The primary benefits of this are that:
1) The VMs do not share KVM contexts (think APIC/MSRs/etc), so they
can't accidentally clobber each other.
2) The VMs can have different memory-views, which is necessary for post-copy
migration (the migration vCPUs on the target need to read and write to
pages, when the primary guest would VMEXIT).

This does not change the threat model for AMD SEV. Any memory involved
is still owned by the primary guest and its initial state is still
attested to through the normal SEV_LAUNCH_* flows. If userspace wanted
to circumvent SEV, they could achieve the same effect by simply attaching
a vCPU to the primary VM.
This patch deliberately leaves userspace in charge of the memslots for the
mirror, as it already has the power to mess with them in the primary guest.

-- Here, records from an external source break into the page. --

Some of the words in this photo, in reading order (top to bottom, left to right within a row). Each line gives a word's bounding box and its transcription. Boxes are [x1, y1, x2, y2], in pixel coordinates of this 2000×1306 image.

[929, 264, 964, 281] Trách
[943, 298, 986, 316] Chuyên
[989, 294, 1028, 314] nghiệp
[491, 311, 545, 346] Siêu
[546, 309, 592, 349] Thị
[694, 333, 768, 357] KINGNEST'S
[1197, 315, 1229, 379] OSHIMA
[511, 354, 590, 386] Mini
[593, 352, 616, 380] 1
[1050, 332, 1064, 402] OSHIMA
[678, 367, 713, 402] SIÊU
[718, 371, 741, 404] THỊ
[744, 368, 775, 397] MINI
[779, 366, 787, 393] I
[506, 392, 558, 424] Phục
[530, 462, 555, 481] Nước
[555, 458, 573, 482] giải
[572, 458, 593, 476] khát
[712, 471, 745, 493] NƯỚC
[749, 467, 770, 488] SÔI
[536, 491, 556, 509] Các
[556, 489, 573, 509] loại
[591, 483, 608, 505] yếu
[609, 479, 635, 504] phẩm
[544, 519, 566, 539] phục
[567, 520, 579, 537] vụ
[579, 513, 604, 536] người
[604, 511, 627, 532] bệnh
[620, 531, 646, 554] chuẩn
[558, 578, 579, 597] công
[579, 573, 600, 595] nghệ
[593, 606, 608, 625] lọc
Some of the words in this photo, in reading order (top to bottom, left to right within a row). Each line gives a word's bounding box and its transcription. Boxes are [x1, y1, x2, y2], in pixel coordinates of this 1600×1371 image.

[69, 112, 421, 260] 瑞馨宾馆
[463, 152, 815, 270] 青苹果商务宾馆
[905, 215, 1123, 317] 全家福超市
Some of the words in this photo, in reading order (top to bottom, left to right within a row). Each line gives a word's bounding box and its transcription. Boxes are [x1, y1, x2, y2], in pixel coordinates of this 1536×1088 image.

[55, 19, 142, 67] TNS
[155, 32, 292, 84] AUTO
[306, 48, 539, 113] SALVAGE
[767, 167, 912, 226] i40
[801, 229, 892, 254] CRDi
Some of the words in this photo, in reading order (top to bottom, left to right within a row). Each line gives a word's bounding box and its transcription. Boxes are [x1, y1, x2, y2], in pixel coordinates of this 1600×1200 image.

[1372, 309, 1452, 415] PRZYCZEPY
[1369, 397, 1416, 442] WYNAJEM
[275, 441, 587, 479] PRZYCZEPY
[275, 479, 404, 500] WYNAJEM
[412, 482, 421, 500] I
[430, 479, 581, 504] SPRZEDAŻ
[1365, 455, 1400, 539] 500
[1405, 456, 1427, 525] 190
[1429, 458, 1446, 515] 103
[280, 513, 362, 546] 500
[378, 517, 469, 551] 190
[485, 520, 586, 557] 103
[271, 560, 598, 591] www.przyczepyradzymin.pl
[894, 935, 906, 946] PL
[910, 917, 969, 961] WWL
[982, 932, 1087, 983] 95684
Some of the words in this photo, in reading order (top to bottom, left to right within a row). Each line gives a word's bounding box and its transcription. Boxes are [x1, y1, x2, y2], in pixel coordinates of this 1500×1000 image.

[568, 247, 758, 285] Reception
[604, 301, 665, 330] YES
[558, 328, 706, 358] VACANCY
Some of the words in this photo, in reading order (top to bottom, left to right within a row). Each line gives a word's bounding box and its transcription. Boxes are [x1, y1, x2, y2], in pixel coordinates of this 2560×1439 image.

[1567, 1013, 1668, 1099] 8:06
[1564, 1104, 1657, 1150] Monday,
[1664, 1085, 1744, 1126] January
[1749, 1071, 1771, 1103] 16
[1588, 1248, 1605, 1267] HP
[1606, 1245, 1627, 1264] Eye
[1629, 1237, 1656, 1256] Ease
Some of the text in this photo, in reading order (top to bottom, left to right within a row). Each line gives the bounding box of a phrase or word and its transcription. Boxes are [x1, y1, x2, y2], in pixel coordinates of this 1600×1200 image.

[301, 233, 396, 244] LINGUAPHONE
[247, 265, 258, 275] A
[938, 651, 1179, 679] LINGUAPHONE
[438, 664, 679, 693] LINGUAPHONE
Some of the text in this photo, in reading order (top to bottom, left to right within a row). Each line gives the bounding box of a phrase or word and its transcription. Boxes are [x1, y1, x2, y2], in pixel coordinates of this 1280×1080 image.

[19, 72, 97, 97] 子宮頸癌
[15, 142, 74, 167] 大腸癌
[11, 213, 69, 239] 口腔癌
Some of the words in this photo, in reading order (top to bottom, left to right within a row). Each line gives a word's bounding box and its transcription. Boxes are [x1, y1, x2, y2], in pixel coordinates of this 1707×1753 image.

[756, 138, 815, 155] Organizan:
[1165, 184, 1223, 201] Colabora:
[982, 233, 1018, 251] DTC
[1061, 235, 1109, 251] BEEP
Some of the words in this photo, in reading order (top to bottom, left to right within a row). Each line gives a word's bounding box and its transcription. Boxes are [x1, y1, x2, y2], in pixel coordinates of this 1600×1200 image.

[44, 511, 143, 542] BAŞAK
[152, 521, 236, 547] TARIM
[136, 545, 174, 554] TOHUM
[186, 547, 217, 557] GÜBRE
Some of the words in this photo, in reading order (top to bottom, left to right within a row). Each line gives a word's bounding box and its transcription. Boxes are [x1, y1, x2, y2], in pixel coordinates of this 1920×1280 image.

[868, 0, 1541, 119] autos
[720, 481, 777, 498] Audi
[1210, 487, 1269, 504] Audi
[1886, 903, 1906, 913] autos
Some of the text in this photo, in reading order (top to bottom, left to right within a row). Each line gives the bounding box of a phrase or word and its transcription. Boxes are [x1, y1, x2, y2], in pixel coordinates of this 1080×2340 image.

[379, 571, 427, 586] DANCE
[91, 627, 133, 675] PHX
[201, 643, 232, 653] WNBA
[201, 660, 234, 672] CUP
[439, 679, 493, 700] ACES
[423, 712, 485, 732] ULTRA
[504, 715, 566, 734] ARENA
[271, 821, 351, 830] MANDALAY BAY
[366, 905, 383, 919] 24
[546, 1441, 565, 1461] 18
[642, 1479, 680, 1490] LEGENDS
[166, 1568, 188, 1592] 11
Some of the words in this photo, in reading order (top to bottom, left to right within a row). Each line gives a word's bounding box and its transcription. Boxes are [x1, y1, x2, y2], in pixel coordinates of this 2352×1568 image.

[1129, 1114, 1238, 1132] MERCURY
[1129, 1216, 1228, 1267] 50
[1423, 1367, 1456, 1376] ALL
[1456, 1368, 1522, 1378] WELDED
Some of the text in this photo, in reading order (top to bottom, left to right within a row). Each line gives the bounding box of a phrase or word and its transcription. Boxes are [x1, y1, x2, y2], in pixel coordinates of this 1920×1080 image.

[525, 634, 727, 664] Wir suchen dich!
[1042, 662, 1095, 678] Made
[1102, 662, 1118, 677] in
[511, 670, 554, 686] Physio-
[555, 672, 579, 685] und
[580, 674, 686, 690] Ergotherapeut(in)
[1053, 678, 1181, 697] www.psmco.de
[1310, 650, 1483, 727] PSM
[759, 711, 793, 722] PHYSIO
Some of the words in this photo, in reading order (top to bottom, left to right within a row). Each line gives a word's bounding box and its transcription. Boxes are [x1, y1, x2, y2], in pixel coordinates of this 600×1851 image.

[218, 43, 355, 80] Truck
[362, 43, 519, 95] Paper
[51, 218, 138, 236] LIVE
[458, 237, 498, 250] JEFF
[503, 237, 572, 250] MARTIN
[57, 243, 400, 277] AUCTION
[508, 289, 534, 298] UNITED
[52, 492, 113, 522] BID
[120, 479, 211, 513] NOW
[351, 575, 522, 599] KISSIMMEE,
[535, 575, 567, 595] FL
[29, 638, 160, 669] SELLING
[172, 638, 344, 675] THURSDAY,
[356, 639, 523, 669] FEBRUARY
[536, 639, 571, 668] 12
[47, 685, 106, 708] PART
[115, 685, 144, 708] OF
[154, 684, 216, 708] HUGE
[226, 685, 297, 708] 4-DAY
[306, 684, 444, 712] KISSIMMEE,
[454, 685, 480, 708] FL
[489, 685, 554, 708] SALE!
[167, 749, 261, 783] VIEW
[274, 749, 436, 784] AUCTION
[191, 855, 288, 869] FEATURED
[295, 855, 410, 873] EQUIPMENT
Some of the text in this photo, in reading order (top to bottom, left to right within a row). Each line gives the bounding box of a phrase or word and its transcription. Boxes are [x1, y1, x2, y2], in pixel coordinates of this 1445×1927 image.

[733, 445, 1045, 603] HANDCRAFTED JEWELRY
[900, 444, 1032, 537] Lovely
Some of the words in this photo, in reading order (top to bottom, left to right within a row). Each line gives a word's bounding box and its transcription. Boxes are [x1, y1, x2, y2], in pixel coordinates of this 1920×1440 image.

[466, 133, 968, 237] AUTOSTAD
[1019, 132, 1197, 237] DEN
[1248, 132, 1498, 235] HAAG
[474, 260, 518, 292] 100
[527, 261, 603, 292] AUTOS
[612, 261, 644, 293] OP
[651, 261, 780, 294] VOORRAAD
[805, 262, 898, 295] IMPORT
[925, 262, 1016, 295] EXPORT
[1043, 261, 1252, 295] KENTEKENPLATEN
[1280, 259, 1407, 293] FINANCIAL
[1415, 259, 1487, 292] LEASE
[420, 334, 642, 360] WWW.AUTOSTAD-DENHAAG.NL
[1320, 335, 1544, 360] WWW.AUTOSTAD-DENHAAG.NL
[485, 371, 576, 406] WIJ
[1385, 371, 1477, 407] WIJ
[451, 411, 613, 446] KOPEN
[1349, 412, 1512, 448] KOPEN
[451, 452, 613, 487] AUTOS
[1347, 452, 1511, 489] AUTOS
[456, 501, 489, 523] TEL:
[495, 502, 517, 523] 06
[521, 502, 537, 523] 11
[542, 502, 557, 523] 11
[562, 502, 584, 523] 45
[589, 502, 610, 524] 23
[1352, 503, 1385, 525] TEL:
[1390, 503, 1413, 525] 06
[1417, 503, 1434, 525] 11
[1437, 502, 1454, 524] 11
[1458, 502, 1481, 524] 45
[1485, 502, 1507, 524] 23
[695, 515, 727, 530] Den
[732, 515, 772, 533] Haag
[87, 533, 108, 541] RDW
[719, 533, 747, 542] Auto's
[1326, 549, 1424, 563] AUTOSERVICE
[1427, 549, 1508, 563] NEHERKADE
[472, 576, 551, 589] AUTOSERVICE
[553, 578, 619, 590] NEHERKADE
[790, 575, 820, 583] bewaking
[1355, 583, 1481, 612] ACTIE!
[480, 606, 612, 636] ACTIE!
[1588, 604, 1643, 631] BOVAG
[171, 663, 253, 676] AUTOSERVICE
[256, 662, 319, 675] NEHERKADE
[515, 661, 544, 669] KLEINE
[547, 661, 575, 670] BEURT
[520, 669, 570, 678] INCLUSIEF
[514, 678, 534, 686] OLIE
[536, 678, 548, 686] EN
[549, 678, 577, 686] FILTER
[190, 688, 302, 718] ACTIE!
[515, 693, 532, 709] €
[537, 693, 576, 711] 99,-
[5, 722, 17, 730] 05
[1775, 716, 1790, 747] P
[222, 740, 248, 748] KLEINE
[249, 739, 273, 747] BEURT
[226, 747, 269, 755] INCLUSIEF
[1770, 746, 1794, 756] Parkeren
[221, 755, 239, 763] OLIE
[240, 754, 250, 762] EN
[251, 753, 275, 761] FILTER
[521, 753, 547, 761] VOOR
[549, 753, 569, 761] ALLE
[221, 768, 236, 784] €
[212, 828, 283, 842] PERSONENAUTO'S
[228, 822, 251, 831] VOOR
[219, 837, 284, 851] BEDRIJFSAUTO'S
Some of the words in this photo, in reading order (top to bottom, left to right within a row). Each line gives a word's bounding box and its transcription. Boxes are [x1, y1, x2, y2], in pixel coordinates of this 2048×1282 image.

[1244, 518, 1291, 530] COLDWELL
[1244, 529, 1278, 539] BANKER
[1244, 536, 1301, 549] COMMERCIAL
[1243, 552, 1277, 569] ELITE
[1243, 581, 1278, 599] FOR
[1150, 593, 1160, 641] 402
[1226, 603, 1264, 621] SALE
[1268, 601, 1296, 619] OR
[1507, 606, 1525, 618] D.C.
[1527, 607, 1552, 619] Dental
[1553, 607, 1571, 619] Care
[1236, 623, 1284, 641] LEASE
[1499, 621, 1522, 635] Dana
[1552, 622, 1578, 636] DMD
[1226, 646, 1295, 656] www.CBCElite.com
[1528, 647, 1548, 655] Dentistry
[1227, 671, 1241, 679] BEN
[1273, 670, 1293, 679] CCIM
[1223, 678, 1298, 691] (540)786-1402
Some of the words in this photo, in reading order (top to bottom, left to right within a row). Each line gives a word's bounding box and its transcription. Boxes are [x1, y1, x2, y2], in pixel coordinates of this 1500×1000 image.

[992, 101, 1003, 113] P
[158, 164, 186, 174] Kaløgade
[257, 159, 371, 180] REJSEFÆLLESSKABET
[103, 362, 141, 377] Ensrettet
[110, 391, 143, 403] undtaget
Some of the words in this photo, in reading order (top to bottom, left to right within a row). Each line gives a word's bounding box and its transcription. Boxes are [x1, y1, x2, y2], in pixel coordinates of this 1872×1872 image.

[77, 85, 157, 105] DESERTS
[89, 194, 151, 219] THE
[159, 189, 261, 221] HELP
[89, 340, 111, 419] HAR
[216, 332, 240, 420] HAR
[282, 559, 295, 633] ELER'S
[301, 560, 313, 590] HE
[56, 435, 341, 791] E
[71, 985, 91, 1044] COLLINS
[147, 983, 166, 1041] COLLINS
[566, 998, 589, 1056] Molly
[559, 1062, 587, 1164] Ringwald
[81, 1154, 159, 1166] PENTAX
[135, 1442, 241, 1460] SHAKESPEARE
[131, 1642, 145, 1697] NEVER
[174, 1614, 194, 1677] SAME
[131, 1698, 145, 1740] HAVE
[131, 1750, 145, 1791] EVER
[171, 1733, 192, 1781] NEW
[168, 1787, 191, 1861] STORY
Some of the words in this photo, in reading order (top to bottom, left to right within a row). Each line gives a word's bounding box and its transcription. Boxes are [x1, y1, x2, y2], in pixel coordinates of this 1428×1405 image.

This patch does not support SEV-ES (much less SNP), as it does not
handle handing off attested VMSAs to the mirror.

For additional context, we need a Migration Helper because SEV PSP migration
is far too slow for our live migration on its own. Using an in-guest
migrator lets us speed this up significantly.
Hello,

We've been thinking a lot about migrating confidential virtual machines at IBM. Maybe you've seen the approach that we (Dov Murik and myself) shared on the QEMU and OVMF mailing lists. In general, we have tried to implement migration without kernel support, which has some drawbacks. Mainly, it is difficult to dynamically start the migration handler without kernel support, which puts stress on OVMF. If there is momentum behind these KVM patches, we think they could go hand-in-hand with some of the work that we have done.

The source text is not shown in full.